Small life decisions often snowball into life changing decisions. That is exactly what happened for DeVane, who originally had his eyes set on Clemson, but decided to go to Georgia Tech in the final couple of months in his senior year of high school. If DeVane ends up at Clemson, he likely never takes the field on game days.

“I didn’t really commit to Georgia Tech until April of my senior year. I was really back and forth between Georgia Tech and Clemson,” DeVane said. “I kind of changed what I wanted to do halfway through high school, and decided I wanted to be a lawyer originally, and then decided I wanted to do biomedical engineering because I really want to make medical devices for children with disabilities.”

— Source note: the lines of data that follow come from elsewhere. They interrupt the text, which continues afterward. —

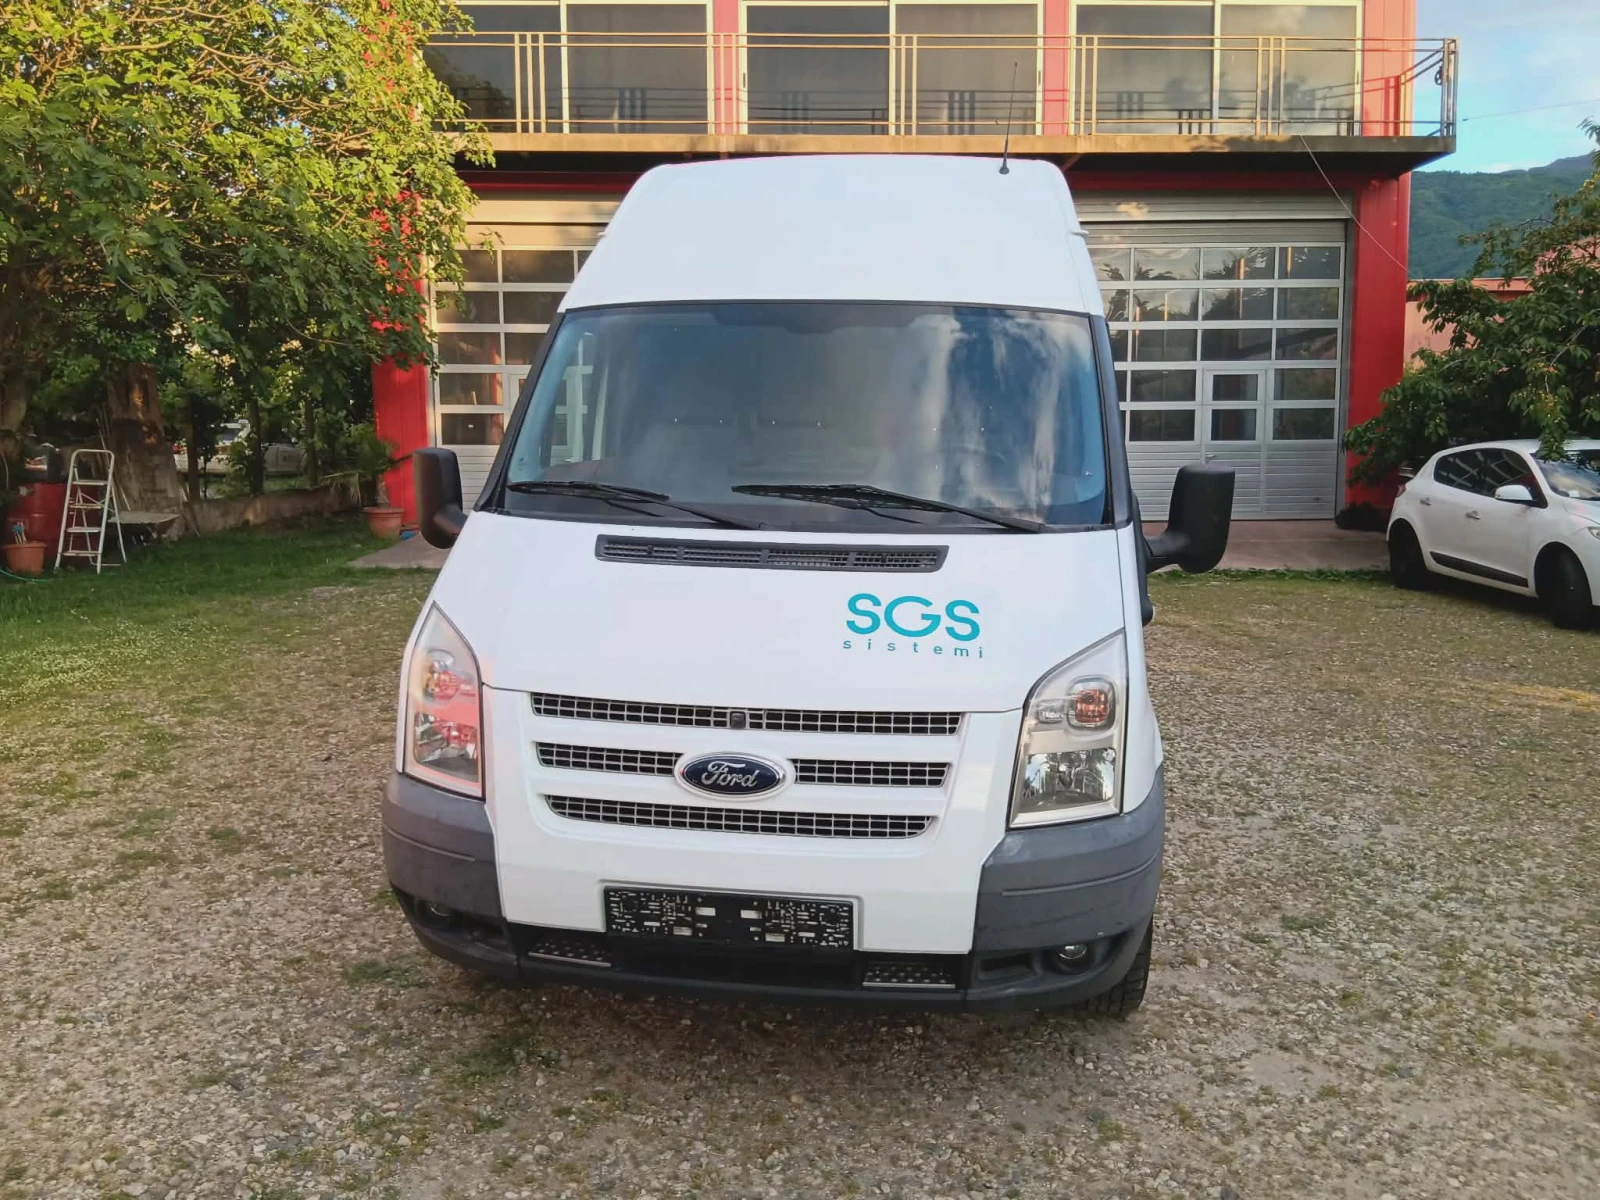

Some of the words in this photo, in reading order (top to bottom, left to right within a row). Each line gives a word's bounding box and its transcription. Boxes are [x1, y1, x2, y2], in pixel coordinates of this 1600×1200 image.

[846, 593, 981, 642] SGS
[843, 639, 984, 659] sistemi
[701, 760, 760, 787] Ford
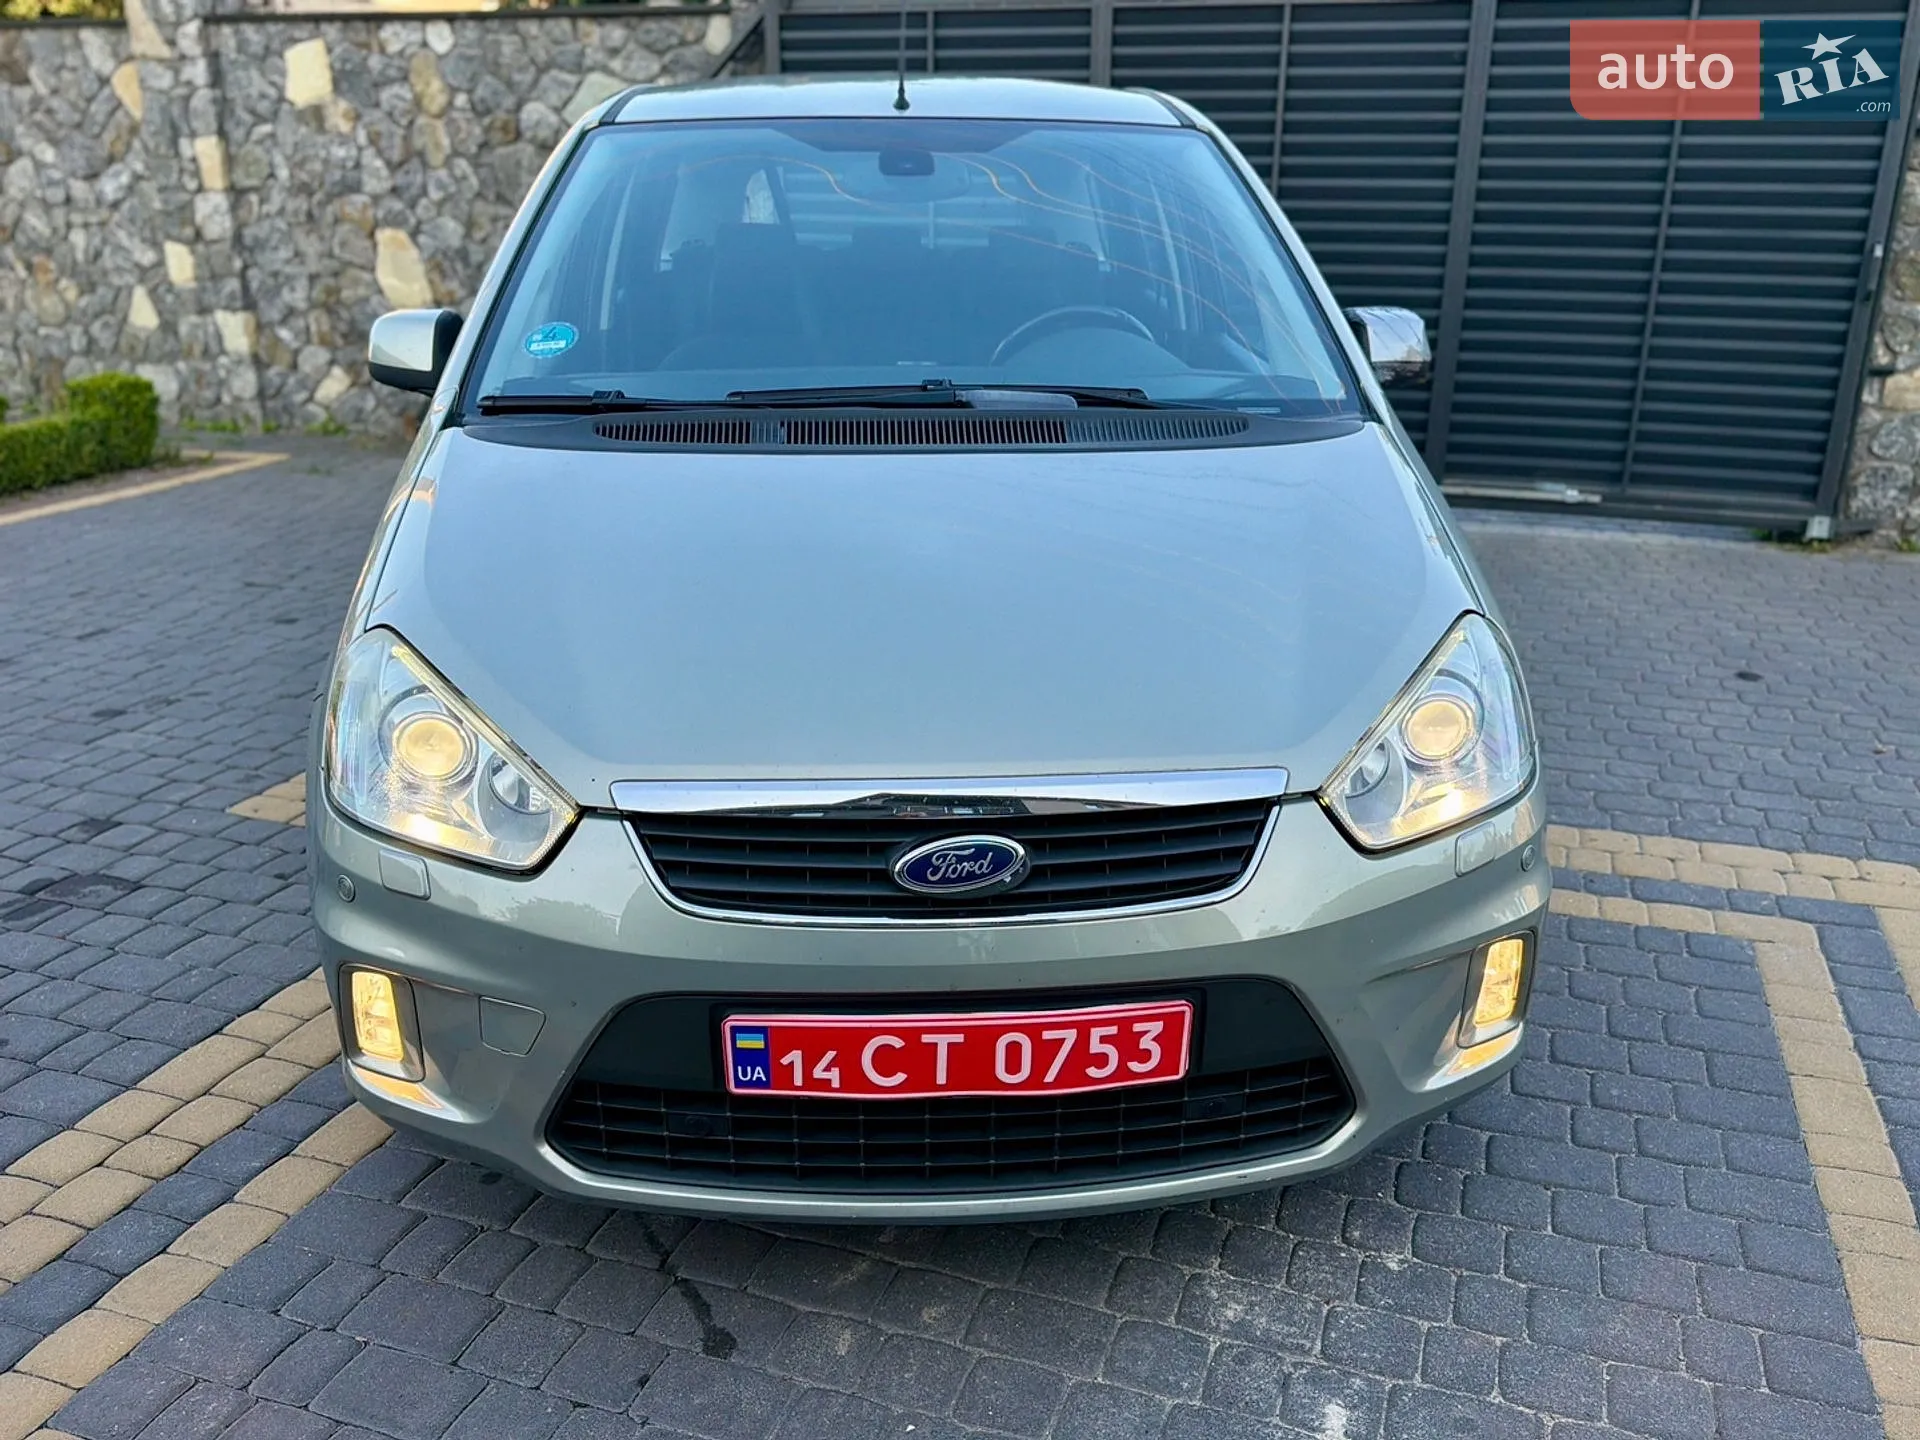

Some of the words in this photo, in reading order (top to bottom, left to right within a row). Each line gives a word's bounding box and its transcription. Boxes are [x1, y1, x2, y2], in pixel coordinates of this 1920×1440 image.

[926, 848, 994, 882] Ford
[779, 1049, 841, 1088] 14
[861, 1033, 965, 1088] CT
[994, 1020, 1164, 1085] 0753
[737, 1065, 767, 1083] UA

Now, being a Yellow Jacket courses through DeVane’s veins and he could not imagine himself anywhere else. 

Even though the football season is nearing its end, the cheer season is just getting started. DeVane and the team will jump straight from football cheer to volleyball and basketball cheer before eventually wrapping the school year with competition cheer. 

“So I actually cheered my first volleyball game on [Oct. 27]. It’s a little different from football,” DeVane said. “For volleyball games, we’re not allowed to throw stunts, so it’s mostly just the cheering. And then for basketball games, we just have to throw different stunts.”

“Then in the spring, we’ll shift to comp, which is a competition we’ll do at Daytona Beach with a bunch of different schools and compete just how any normal cheer competition would.”

DeVane has had to learn both stunting and tumbling for cheer. With a background in weight training from his time at LaGrange High and in College, stunting came relatively easy for DeVane, but tumbling took a lot of practice and time to adjust.

“I would say tumbling is harder, just because stunting is very strength based, you have to have good technique too, but tumbling requires even more technique and strength,” DeVane said. “It’s just different, like with flips and handsprings and anything like that. It’s just like something I’ve literally never done before cheerleading.”

DeVane estimates that he spends 20-30 hours per week training, working out and practicing for cheerleading. This commitment and dedication is exactly what he was looking for on campus and he is happy that he has found the place he feels like he belongs.